With Rust 1.47, the Rust flag -C control-flow-guard has been stabilized, mitigating potential memory vulnerabilities in unsafe Rust by utilizing windows' Control Flow Guard mechanism to ensure a memory corruption doesn't subvert control flow.

While most rust code is protected by this mechanism, a lot of Rust program still link to non-Rust, C/C++ code. This is often done through build script that compile C code through the cc crate. Examples include ring, sqlite, and many others. This code won't, by default, be protected by Control Flow Guard. In order for this code to also be protected, one must pass /guard:cf to the C compiler. This can be done today by setting the CFLAGS=/guard:cf environment variable before running cargo build.

This is, however, suboptimal. It requires setting a variable outside of the normal cargo mechanisms in order to ensure the code will be properly protected. It's error prone. Ideally, build scripts should be able to observe the current state of the control-flow-guard flag, and automatically inject the appropriate compiler flag to their compiler when building code. For instance, cc-rs could check if control-flow-guard is enabled and automatically add /guard:cf when invoking the MSVC compiler. See https://github.com/alexcrichton/cc-rs/issues/557

The problem then becomes how to detect the current state of the control-flow-guard flag. Right now, I believe there is no simple way of getting its state.
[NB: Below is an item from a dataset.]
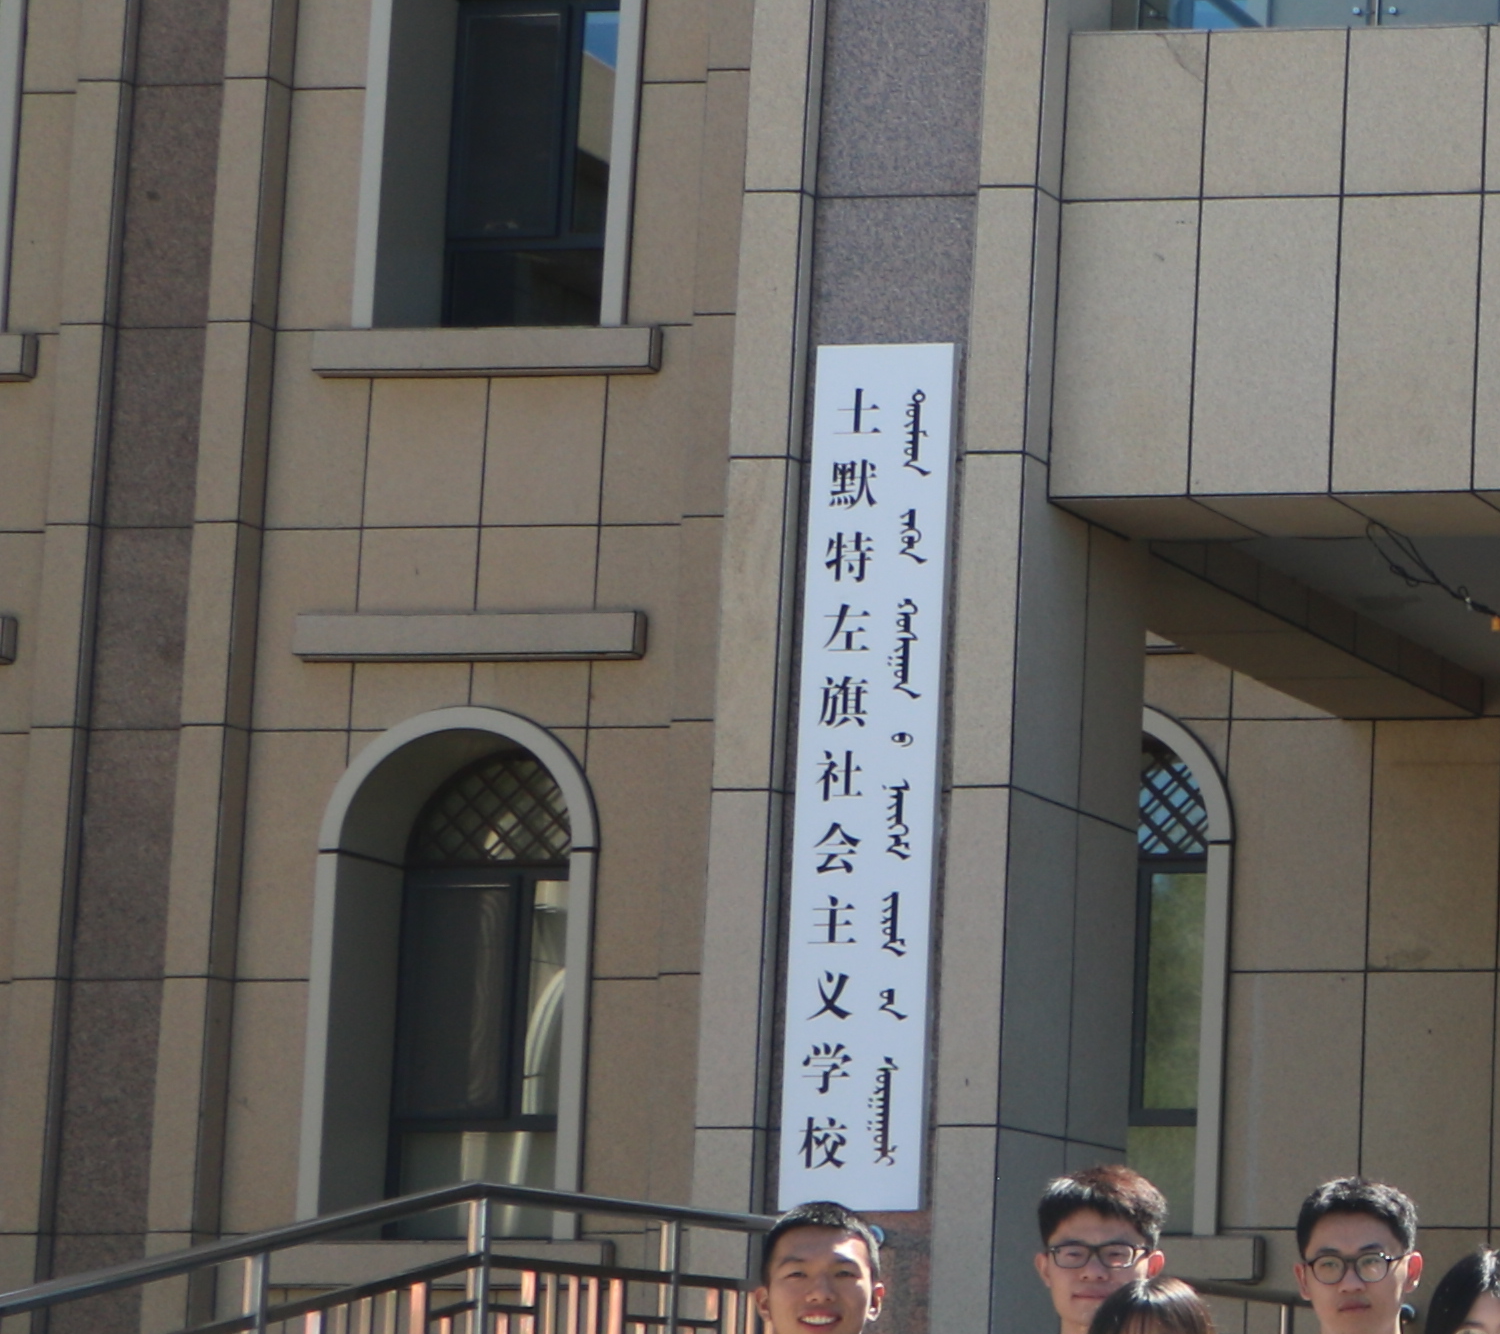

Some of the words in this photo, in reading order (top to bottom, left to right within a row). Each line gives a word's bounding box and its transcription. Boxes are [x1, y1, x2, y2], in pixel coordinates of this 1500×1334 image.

It can be enabled in a myriad of ways (RUSTFLAGS, .cargo/config, cargo rustc arguments...). I can see a few ways of enabling build scripts to check its state:

  • Expose the final RUSTFLAGS to build script, let them parse it to find the control-flow-guard args. This could be useful for other purposes.
  • Add some kind of cfg(control_flow_guard) when rustflags is enabled, which would get populated in CARGO_CFG_*.
  • Make control_flow_guard into a target feature, such that it ends up in CARGO_TARGET_FEATURES?
4 Likes

This would be great. I have the same problem with -C target_cpu and -C target-feature which should be translated to appropriate C flags for ABI and expected code performance to match.